Little is known of the author himself for he gave scant information about his origins. We have some approximation of his age from the frontispiece portrait to this work where it states that the portrait was produced when he was aged 58, in the year 1706 – he was, therefore, born sometime circa 1648. We know also from indirect references that he died just a few years before Edward Worth, c 1730. He is not mentioned in either the matriculation lists of the University of Oxford or Cambridge. Indeed most of the little we know of him comes from his own publications: the 1695 The Compendium of Algebra (London, 1695), Synthesis et analysis Vulgo algebra, a broadsheet of the same year, and the 1707 The Young Mathematician’s Guide, bought by Worth in the corrected third edition of 1719. Ward’s Clavis Usuræ, or a key to interest, followed in 1710 and in 1714 his last work, A practical method, To Discover the Longitude at Sea, appeared in print in London. From the title pages of these works we find nuggets of information. He mentions a number of times that he had previously been ‘a general gauger in the revenue of excise’ – clearly this employment took place before his first publication of 1695. This claim is repeated and augmented in Worth’s 1719 copy of the The Young Mathematician’s Guide, where Ward describes himself as ‘Professor of the Mathematicks in the City of Chester’ and says that he had previously been ‘Chief Surveyor and Gauger-General in the Excise’. However, since the title page of the third edition did not change from that of the first edition in 1707 it tells us little of what he had been doing in the intervening years.

His 1695 broadsheet, our first encounter with him in print, advertised his course in mathematics. It promised much: ‘A Learned, in a Month or Six Weeks, may know more in Arithmetick and Geometry, by help of this Analytics, than ‘tis possible he should Ever comprehend by any other Method.’ The broadsheet sheds light on Ward’s intended audience: youths about twelve or thirteen years of age who would be housed and taught at Ward’s own house in Fanchurch Street in London (he offered to teach the sons of the nobility and gentry at their own houses). Ward was clearly offering an intensive, onsite course and was eager to give demonstrations of the course at a number of venues, including ‘Mr Warner’s, a Mathematical Instrument-maker, in little Lincolns-Inn Fields’ and at the ‘Sign of the Kings-Arms and Glober, near Lincolns-Inn Gate’, as well as at his own house. Unfortunately, we do not know how successful this particular venture proved to be but the fact that his The Compendium of Algebra, probably a textbook for the 1695 course, was reprinted in 1698, suggests that he was at least moderately successful. The title page of the 1698 edition tells us that Ward was, at that time, ‘teacher of the mathematicks, at the Globe i[n] Fleet street near Fetter-lane end’; his 1707 The Young Mathematician’s Guide informs us that by October 1706 he had moved to King’s gate in Red-Lyon Fields’.

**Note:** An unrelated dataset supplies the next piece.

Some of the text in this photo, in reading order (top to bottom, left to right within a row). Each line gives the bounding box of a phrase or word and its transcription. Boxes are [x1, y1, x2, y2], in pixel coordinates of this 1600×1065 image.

The text of The Young Mathematician’s Guide throws light on some parts of his mathematical friendship circle: Ward’s inclusion of a laudation from two famous Newtonian mathematicians, Joseph Raphson (fl. 1689–1712), and Humphrey Ditton (1675–1714), strongly suggests links with the rising Newtonian movement within the Royal Society, though Ward himself was not elected a Fellow. Raphson’s version of Ozanam’s Dictionnaire mathématique appeared as A mathematical dictionary in 1702, while his translation of Newton’s Arithmetica universalis was published posthumously as Universal arithmetic in 1720 (O’Connor and Robertson, 1996). Ward had dedicated his The Compendium of Algebra (London, 1695), to Raphson not only because he was familiar with Raphson’s Analysis æquationum universalis (London, 1690), a work on algebra which he highly praised, but also because he hoped to acquire Raphson’s patronage. As the approbation in Worth’s 1719 edition makes clear, in this Ward had been successful. Equally, Ward’s dedication of The Young Mathematician’s Guide to Sir John Wentworth of North Elm’s Hall, demonstrates that Ward had close links with the baronet who had not only encouraged the publication of the work but has also (unlike many other dedicatees), actually read the manuscript before publication.

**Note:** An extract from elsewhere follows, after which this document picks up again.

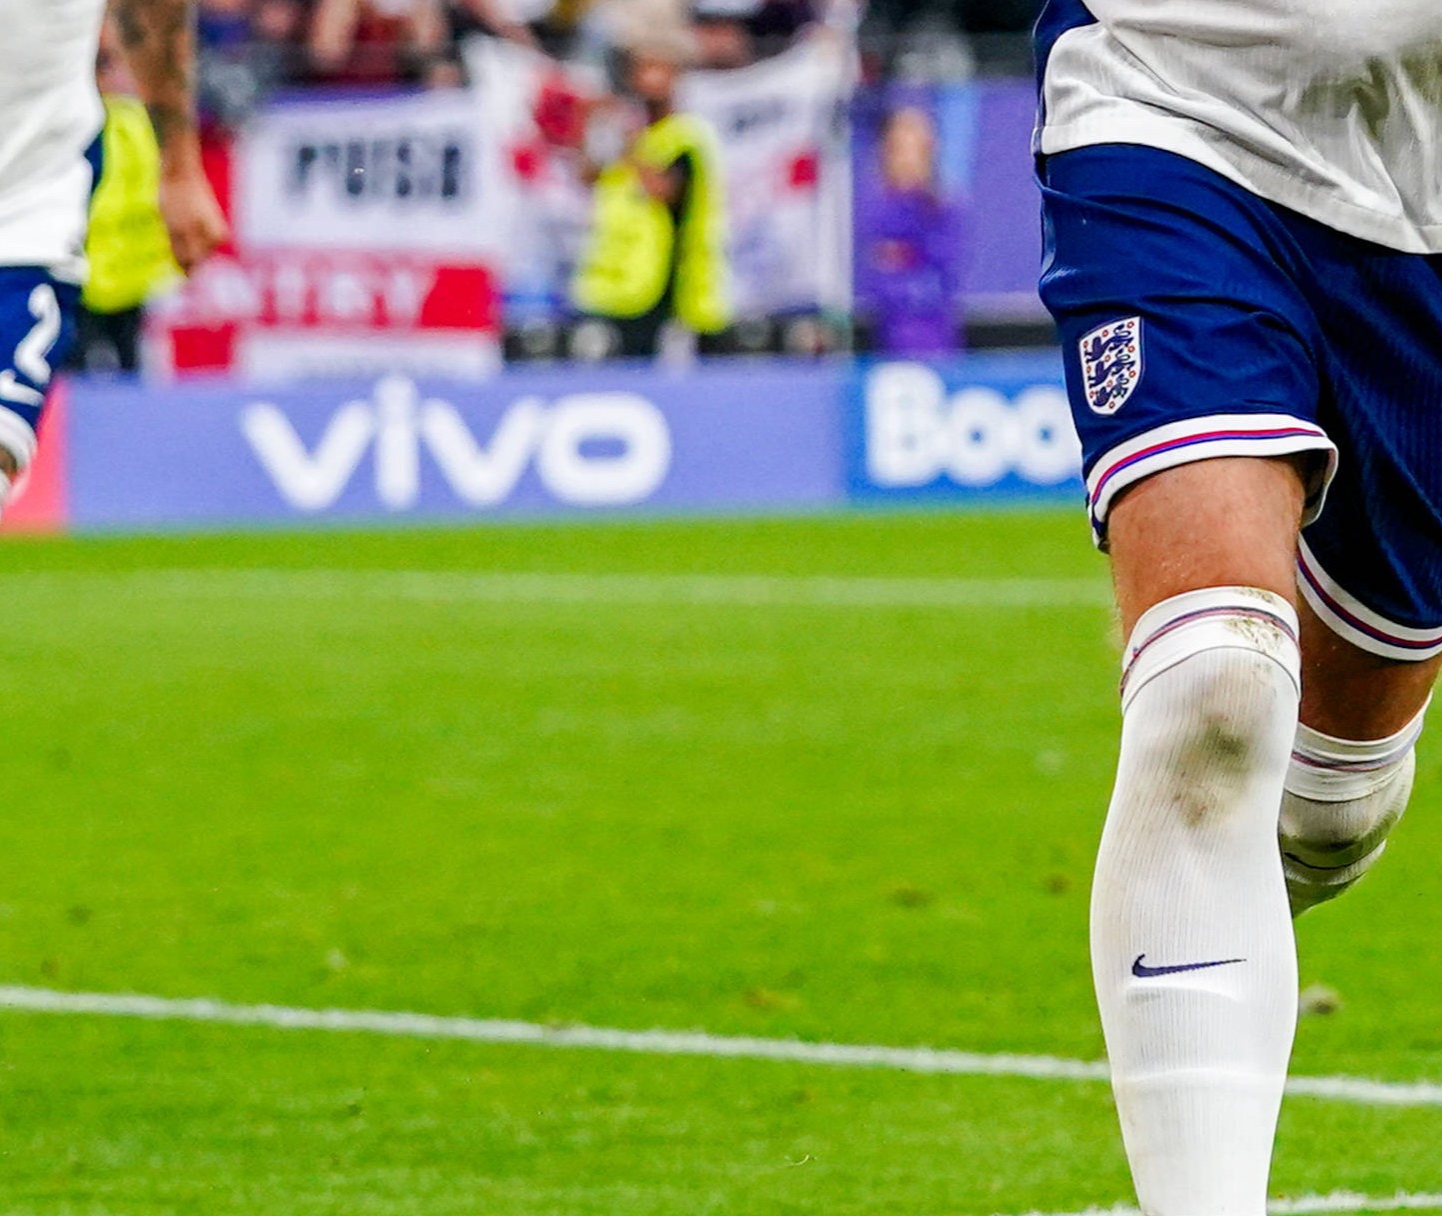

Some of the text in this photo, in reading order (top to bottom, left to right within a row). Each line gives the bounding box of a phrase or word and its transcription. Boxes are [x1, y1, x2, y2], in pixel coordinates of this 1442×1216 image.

[13, 283, 62, 388] 2
[243, 373, 673, 511] vivo
[865, 360, 1084, 487] Boo

Unfortunately Ward gives little more information than this and his preface to the reader of The Young Mathematician’s Guide is equally brief: not for Ward a long discursive passage on the importance of mathematics, a subject he felt to be so self-evident as not to require elucidation. Instead he explains his chief selling point – that, though many other mathematical authors had published on the subject, they all too often over-estimated the mathematical learning of their audience. By contrast, Ward’s text was ‘purely for the Use and Benefit of such as are wholly Ignorant of the very first Rudiments (Or have not the least Notion) of Mathematicks.’ Ward’s aim was to ensure a good grounding of the basics which would be a handy guide for aspiring mathematicians.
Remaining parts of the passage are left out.